When President Obama touches down in Baton Rouge, La, later today, it will have been 11 days since the flooding began in that state. Obama has critics who say he should've cut his vacation short and gotten there earlier. Louisiana's Democratic Governor John Bel Edwards is not one of them. Here he is on MSNBC last week.

(SOUNDBITE OF ARCHIVED RECORDING)

JOHN BEL EDWARDS: In all honesty, if he's going to visit, I would just as soon it be a week or 10 days, 14 days from now. We have to take hundreds of local first responders, police officers, sheriff's deputies and state troopers to provide security for that type of visit. I would just as soon have those people engaged in the response rather than trying to secure the president.

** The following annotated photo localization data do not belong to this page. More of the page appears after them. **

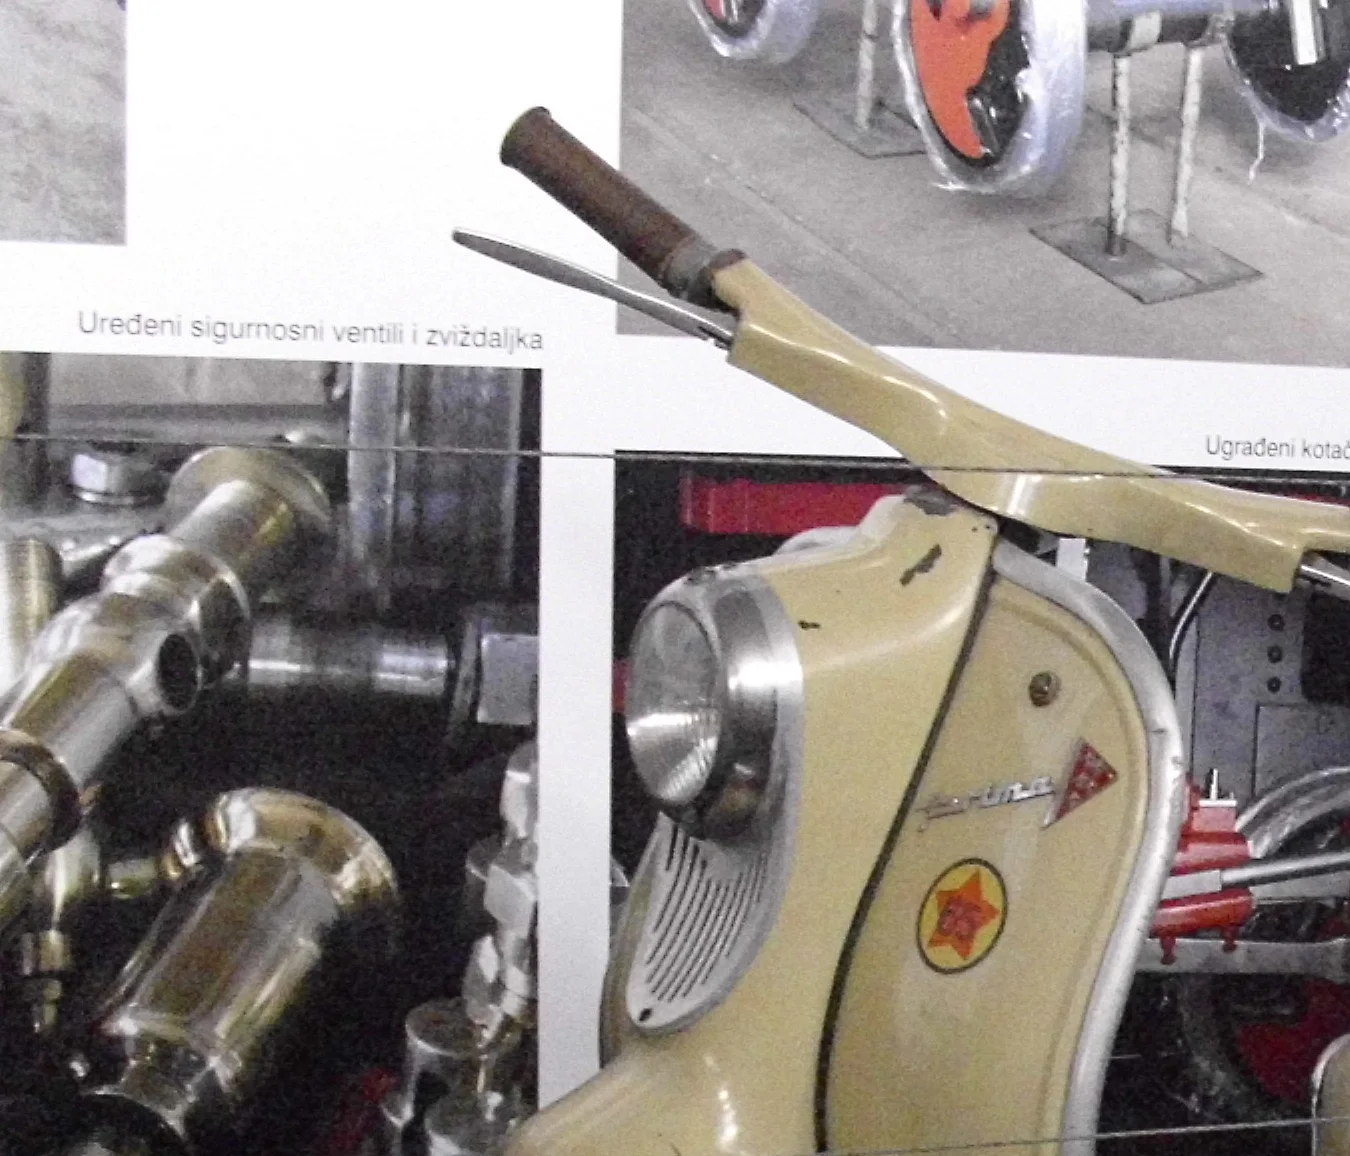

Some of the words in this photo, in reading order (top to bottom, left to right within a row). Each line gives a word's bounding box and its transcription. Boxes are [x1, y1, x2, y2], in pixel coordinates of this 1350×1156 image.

[78, 310, 182, 337] Uređeni
[191, 315, 324, 344] sigurnosni
[333, 319, 403, 343] ventili
[411, 322, 418, 345] i
[426, 323, 543, 354] zviždaljka
[1206, 435, 1295, 460] Ugrađeni

GREENE: Now, one person trying to become president, Donald Trump, visited late last week. That also brought its share of security and logistical wrangling. Neither Trump nor Obama are as familiar with this part of the country as Congressman Garret Graves. The Republican represents Louisiana's 6th District, much of which remains underwater this morning. He's on the line from his home in Baton Rouge.

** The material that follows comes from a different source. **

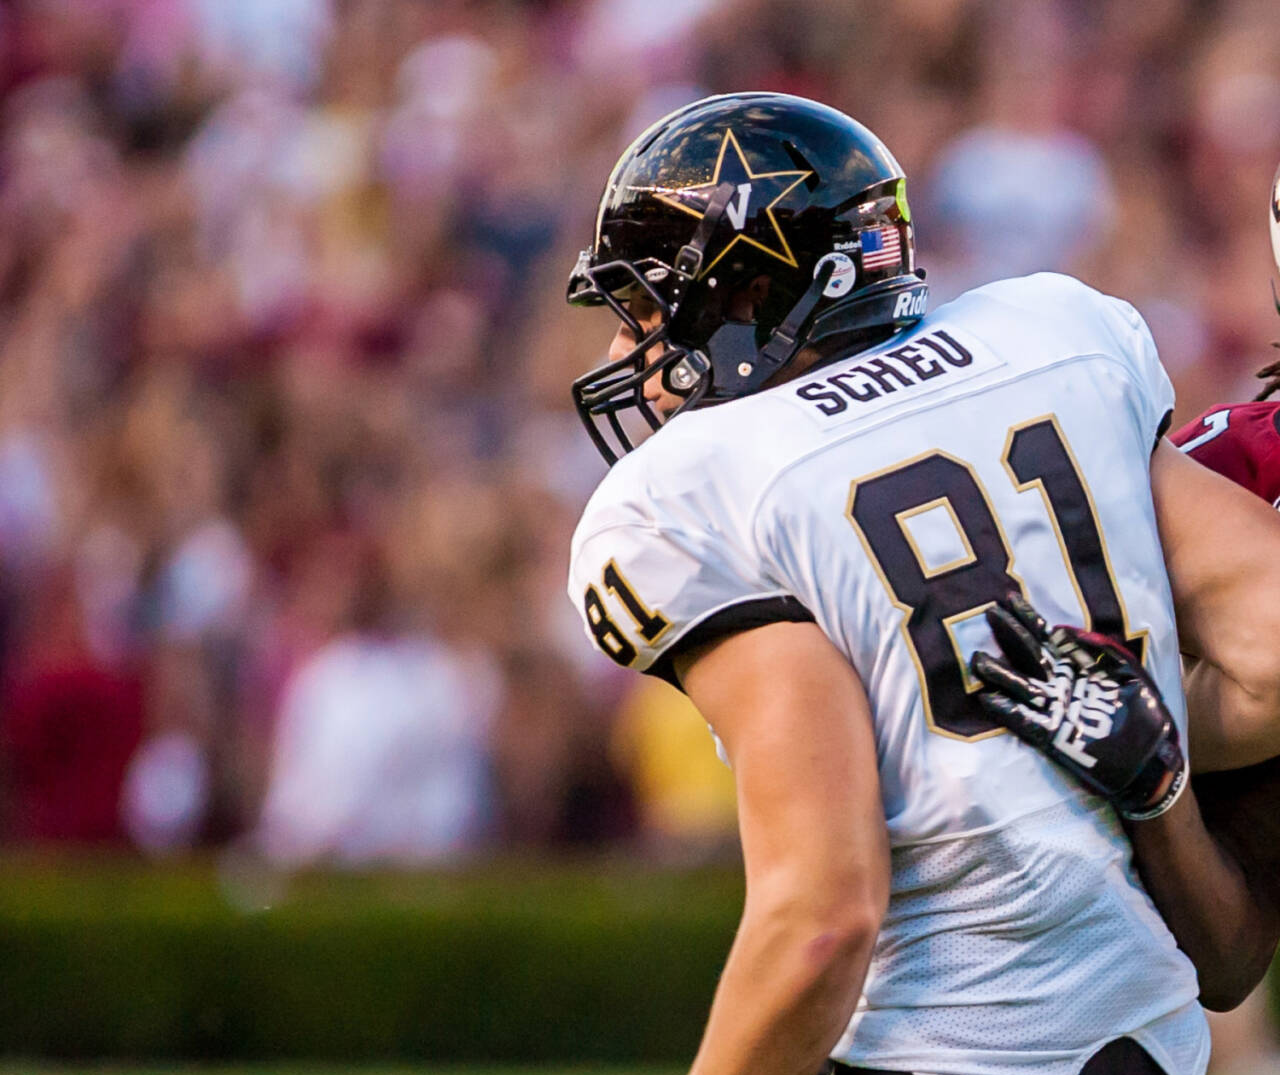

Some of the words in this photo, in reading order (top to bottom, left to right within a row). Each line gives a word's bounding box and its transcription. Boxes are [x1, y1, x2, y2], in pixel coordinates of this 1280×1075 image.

[726, 183, 752, 230] V
[796, 330, 973, 417] SCHEU
[584, 557, 675, 668] 81
[845, 413, 1149, 743] 81

Congressman, we've been thinking of everyone in your state. And thanks for taking the time in what I know has been an awful stretch for you.

GARRET GRAVES: No, I appreciate you all doing this and bringing more attention to what's going on here.

GREENE: Do you feel like you haven't gotten enough attention, as much as you should be getting?

GRAVES: I do. And I know this isn't a hurricane where you have days that lead up to this disaster. But it's really amazing. The devastation is profound and just goes for tens and tens of miles in every direction. It's a pretty incredible disaster.

GREENE: What does it look like, as you look at those miles and miles?

GRAVES: You can literally get into a car, and I could take you on a ride for probably 30 or 40 miles. And all you would see is 10-foot piles of debris in front of every single home and business in our community.

GREENE: So what are you telling constituents as they deal with just devastation like that?

GRAVES: David, I'll tell you. I don't think I've cried since I was a kid. And the number of times that I've embraced people with tears in my eyes over the past several days is - it's just amazing - you know, people standing there saying, I just lost both of my cars. I lost my home. I lost all my clothes. I lost my appliances. I lost all my family heirlooms and pictures. What do I do?

And I got to tell you, it's really difficult giving them a good answer because the traditional response to a disaster like this simply doesn't address even the fundamental needs that many people in this community have right now.

GREENE: You say traditional response. I mean, there is some aid money that's automatically - comes through. But a lot of people are saying the federal government needs to do a lot more. And I just wonder, I mean, it's - you know, it's Republicans, your party, who are often very wary of federal spending in times of disasters and other times. What are you telling your fellow Republicans right now?

GRAVES: Look, you're right. And I want to be clear. I'm a fiscal conservative as well. However, in this situation, when FEMA comes in and offers folks - I think I've been told - on average, two to $3,000 for a situation like this - let me be clear. You have traditional disasters. And I've been through oil spill, flooding, hurricanes. I've worked all those.

This is just very different in that this - we had 31 inches of rain in some of these areas. That is the annual average national rainfall, meaning that's the average rainfall in a year's time for the United States. And we got it in just a couple days.

GREENE: I know, it's just a stunning number. Well, can I ask you - I mean, if we look back a few years to Superstorm Sandy, there were members of Congress in the Northeast who were begging for federal funding. And I know you were not in Congress at that point, but there were members of the Louisiana delegation who joined others in stopping that federal aid. Does that give you a credibility problem now, as Louisiana's really asking for help?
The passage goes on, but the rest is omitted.